Rien de tout cela n’est simple. Les dossiers médicaux générés dans les milieux médicaux conventionnels sont extrêmement précieux – aucune quantité de données fournie par une montre connectée ne remplacera l’IRM ou la radiographie. Ces documents sont de plus en plus souvent disponibles sous forme numérique, mais ils sont souvent multiformes et difficiles à traiter. DeepMind a dû passer des mois à nettoyer les flux de données en provenance d’un hôpital britannique (le Royal Free) et n’a pas encore fourni d’informations obtenues via l’IA.

“Les données des hôpitaux sont utilisées pour générer des alertes sur la détérioration potentielle de l’état des patients”

L’approche d’Apple est plus axée sur le matériel. Il travaille à faire de ses appareils des canaux fiables et sécurisés par lesquels les données médicales peuvent circuler. Des tierces parties, plutôt qu’Apple lui-même, développent alors des services utiles en matière de santé. Mettre les dossiers de santé des patients sur les iPhone rendra ces derniers beaucoup plus efficaces.
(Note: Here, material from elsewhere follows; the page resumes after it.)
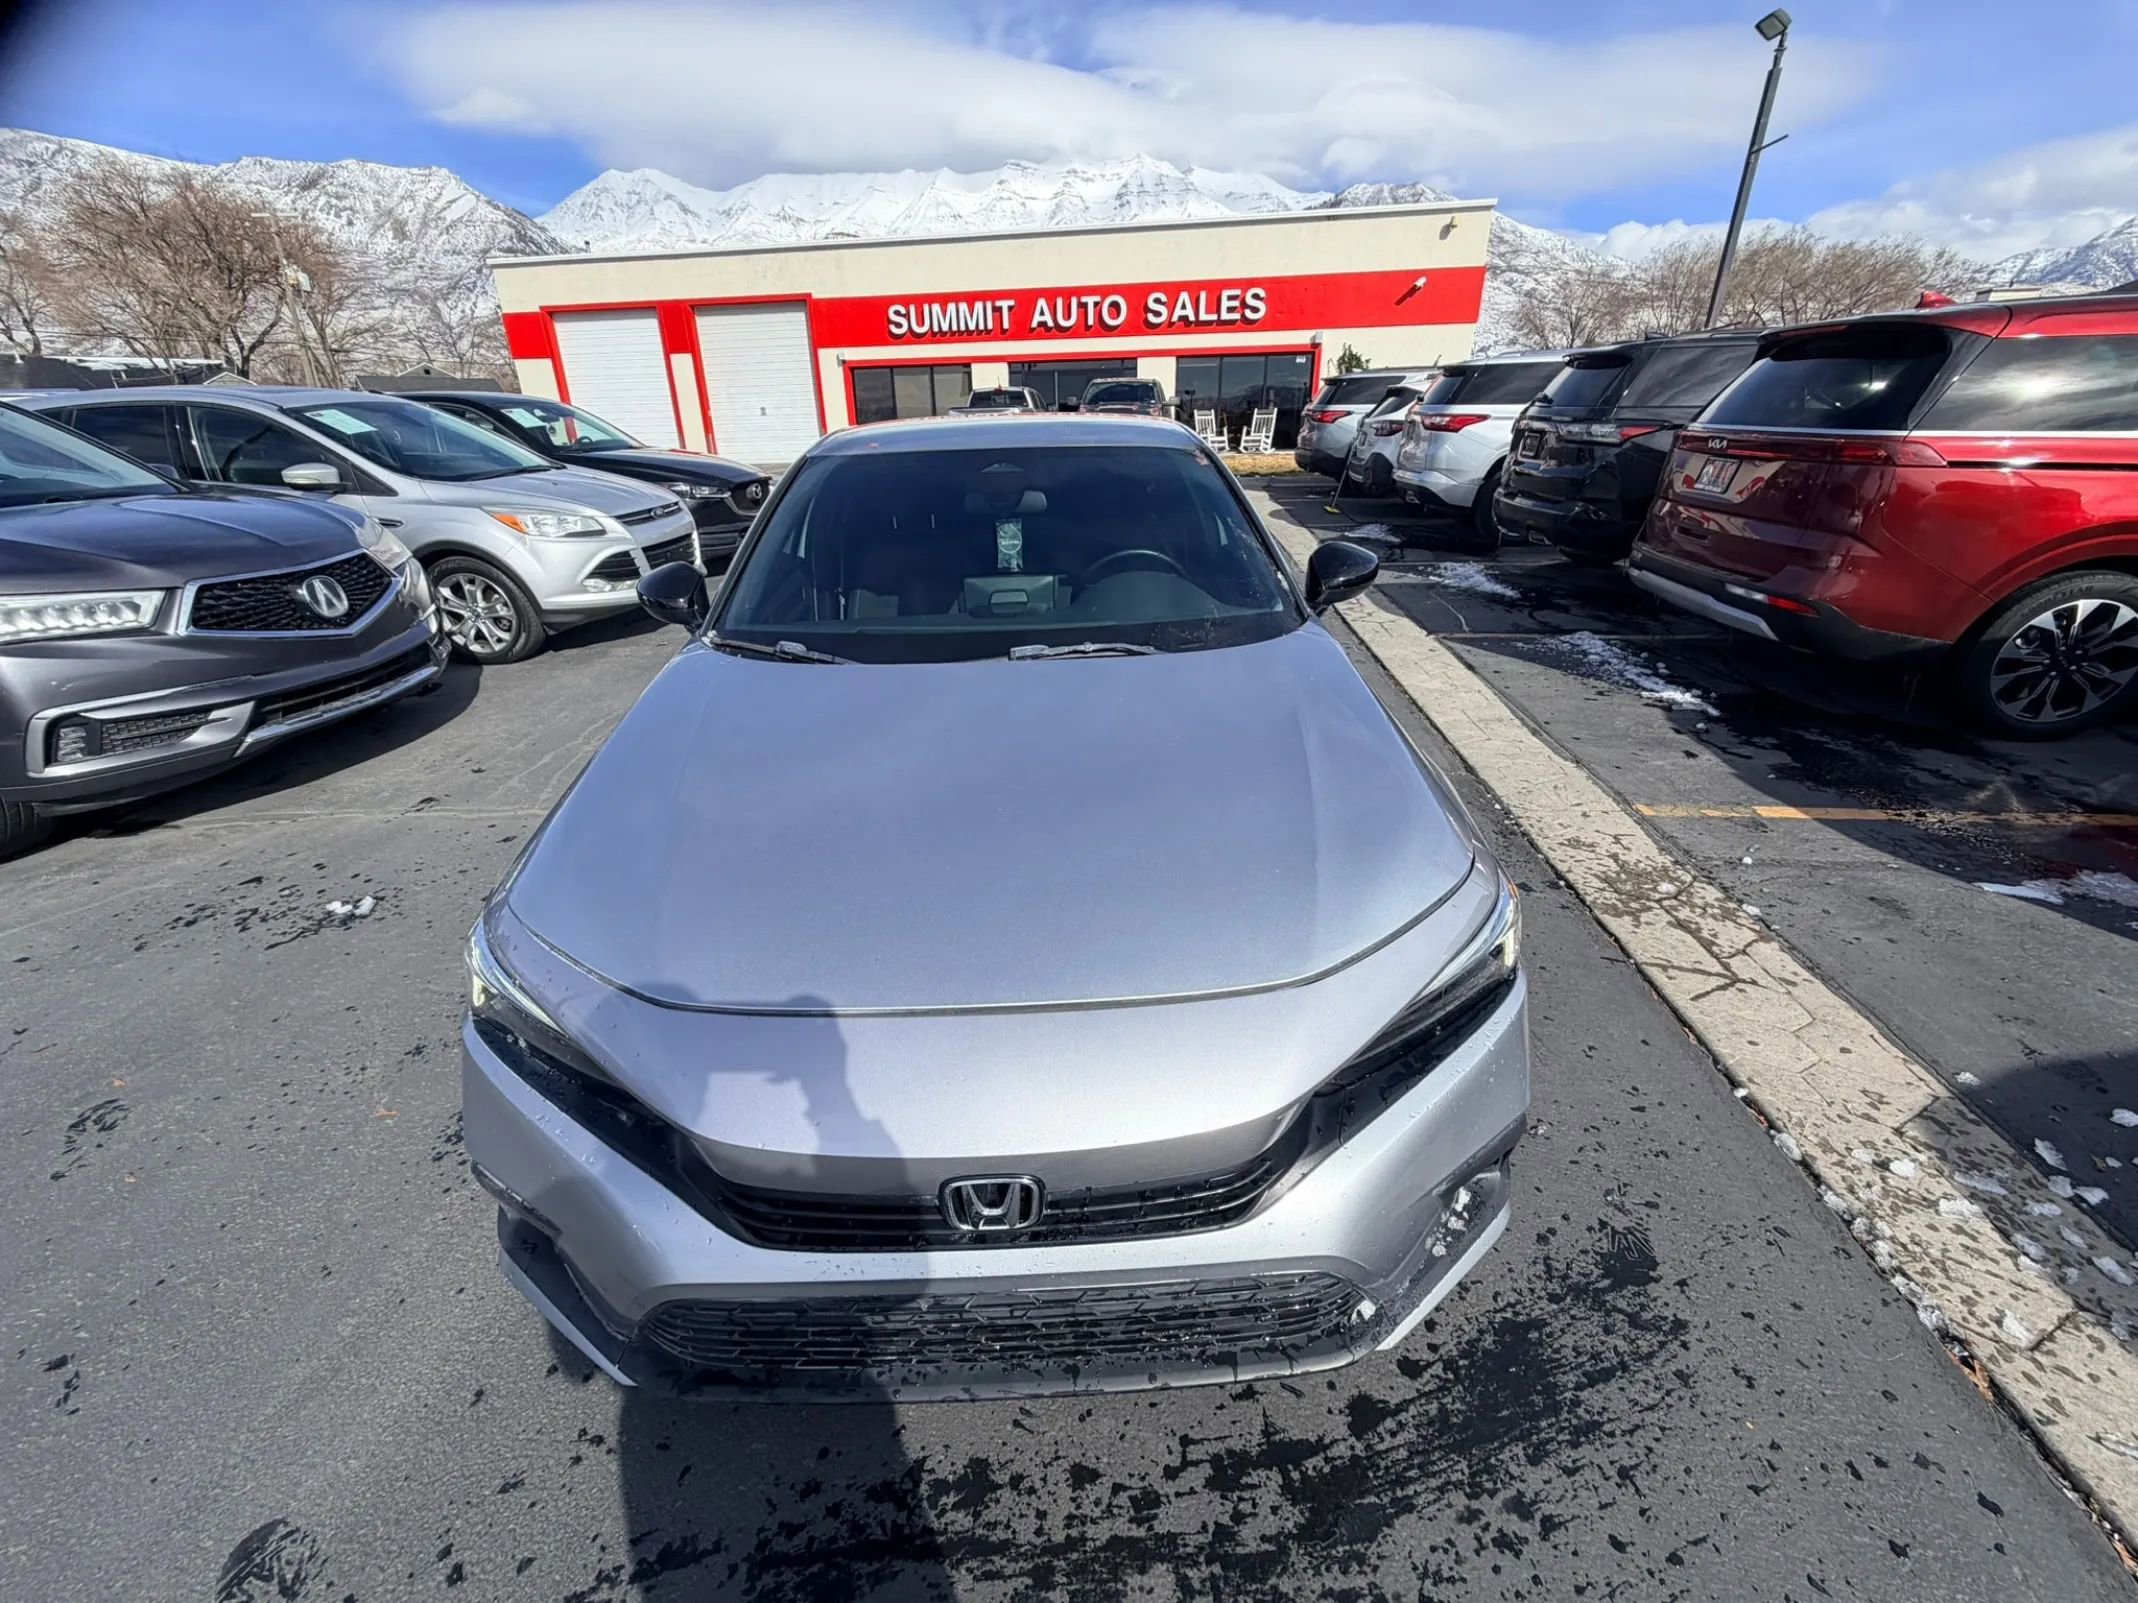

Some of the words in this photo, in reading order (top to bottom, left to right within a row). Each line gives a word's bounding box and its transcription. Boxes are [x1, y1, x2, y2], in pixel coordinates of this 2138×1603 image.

[887, 299, 1015, 335] SUMMIT
[1030, 294, 1127, 328] AUTO
[1146, 287, 1267, 325] SALES
Des millions de gens à travers le monde ont déjà rejoint les études médicales utilisant cette infrastructure. Ils y ont participé par le biais de leurs iPhone. Des indices commencent à montrer la puissance de cette méthode. Une application appelée mPower, conçue par Sage Bionetworks, un organisme de recherche à but non lucratif, étudie la maladie de Parkinson en amenant les utilisateurs d’iPhone à effectuer des tâches et en mesurant le tremblement de leurs mains à l’aide de l’accéléromètre interne du téléphone. Jusqu’à présent, les données suggèrent que la plateforme d’Apple pourrait bientôt permettre aux médecins de repérer la maladie de Parkinson par voie numérique, via Internet, avant qu’elle ne soit symptomatique chez un patient.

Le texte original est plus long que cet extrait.